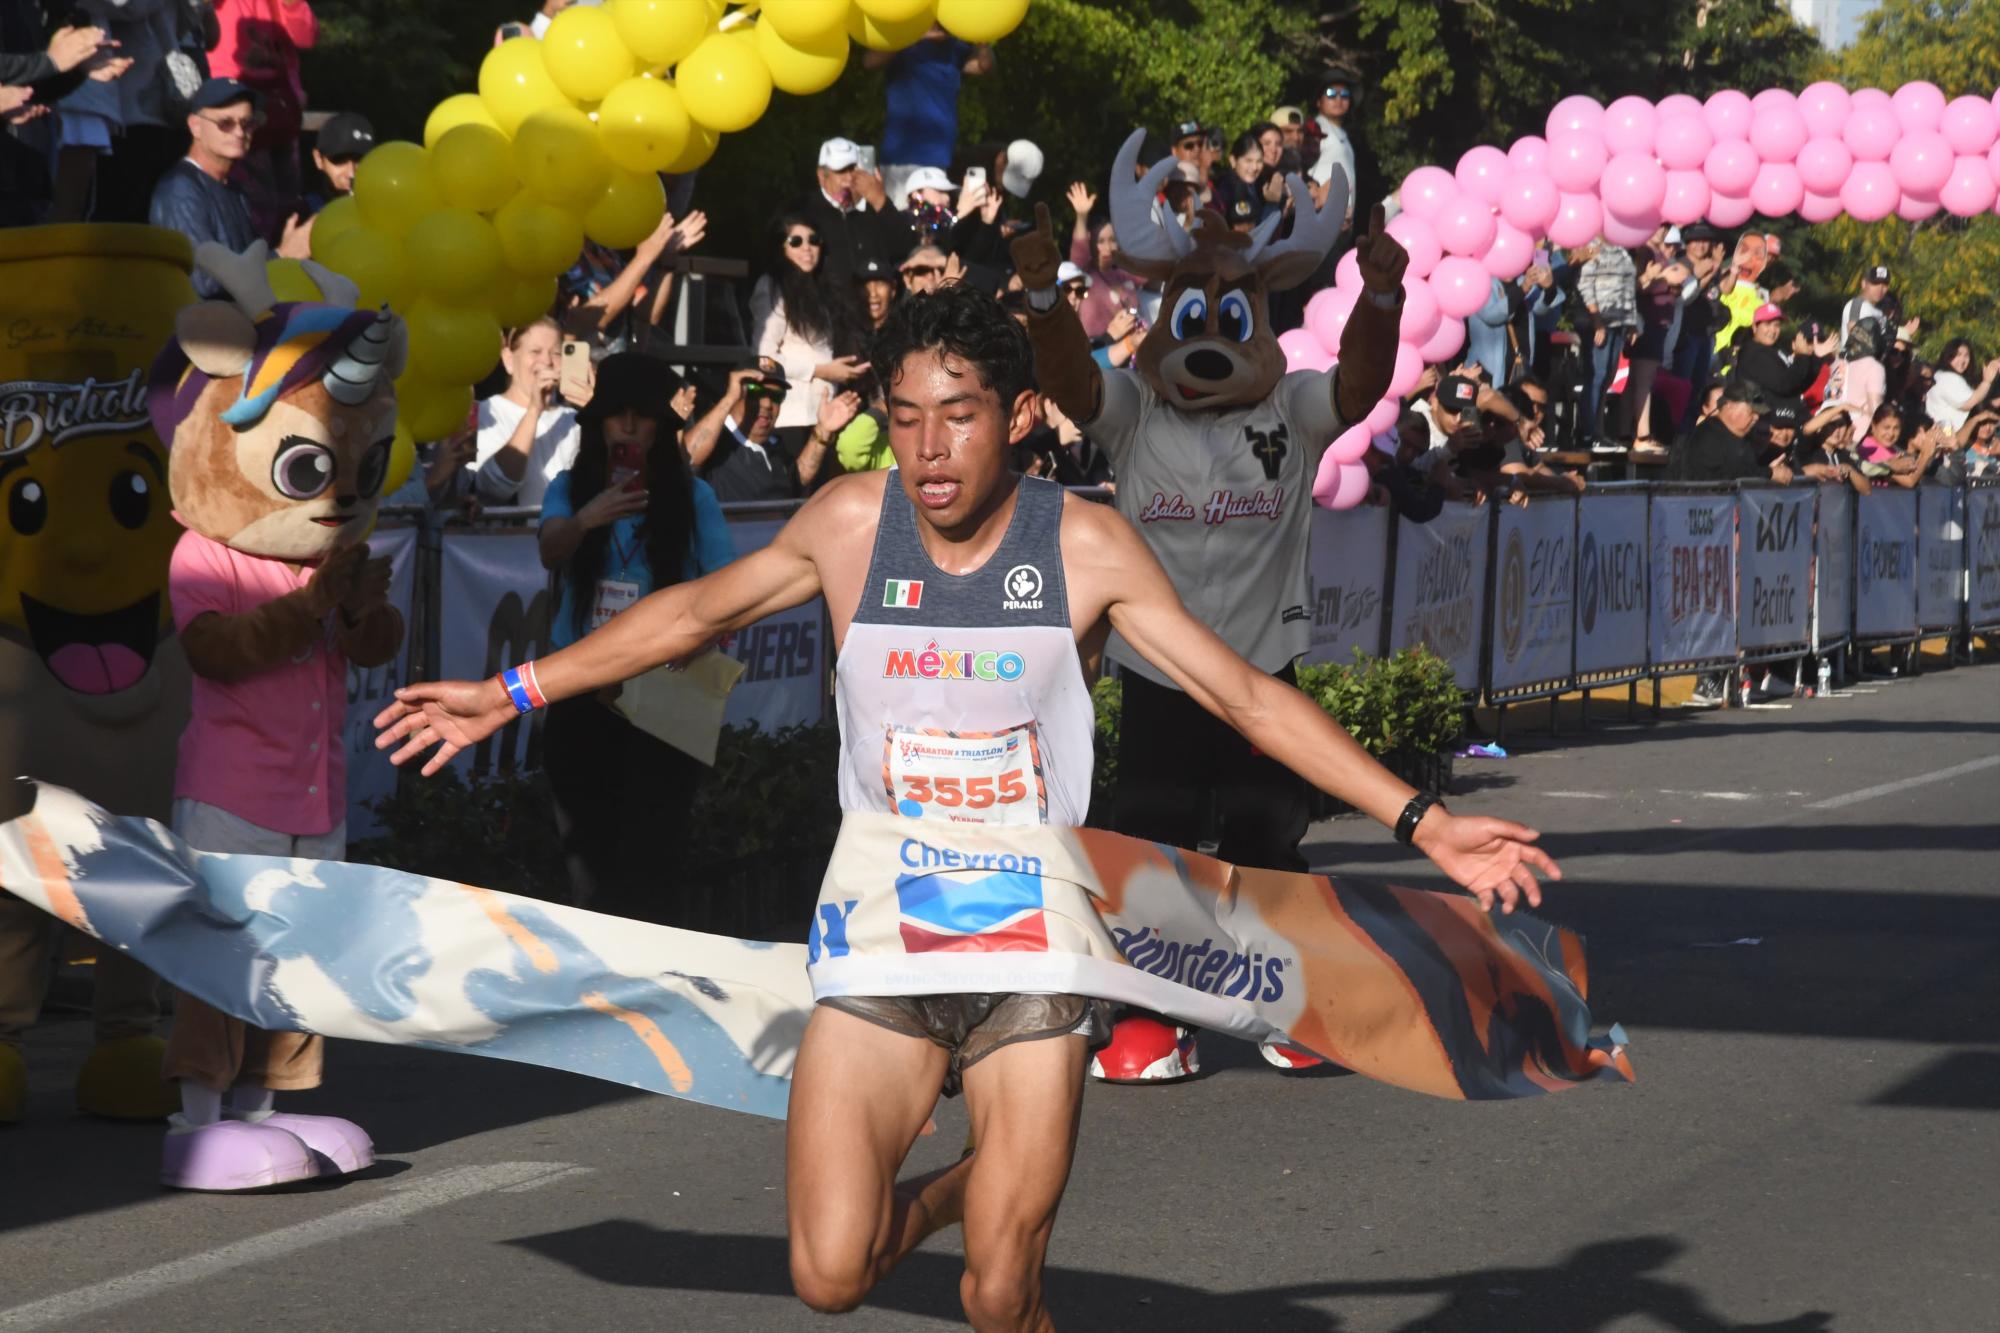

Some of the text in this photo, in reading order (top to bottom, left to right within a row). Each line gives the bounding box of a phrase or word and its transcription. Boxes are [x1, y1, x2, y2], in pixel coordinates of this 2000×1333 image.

[1141, 487, 1285, 525] Salsa Huichol
[1689, 508, 1713, 536] TACOS
[1756, 502, 1800, 552] KIA
[1600, 543, 1644, 613] MEGA
[1003, 600, 1043, 610] PERALES
[1752, 573, 1794, 628] Pacific
[902, 768, 1027, 809] 3555
[900, 838, 1042, 875] Chevron

What you will do
A word-for-word copy of the entries above is what is needed, without any images.

Task answer
Some of the text in this photo, in reading order (top to bottom, left to right within a row). Each line gives the bounding box of a phrase or word and its transcription. Boxes are [x1, y1, x2, y2], in pixel coordinates of this 2000×1333 image.

[1141, 487, 1285, 525] Salsa Huichol
[1689, 508, 1713, 536] TACOS
[1756, 502, 1800, 552] KIA
[1600, 543, 1644, 613] MEGA
[1003, 600, 1043, 610] PERALES
[1752, 573, 1794, 628] Pacific
[902, 768, 1027, 809] 3555
[900, 838, 1042, 875] Chevron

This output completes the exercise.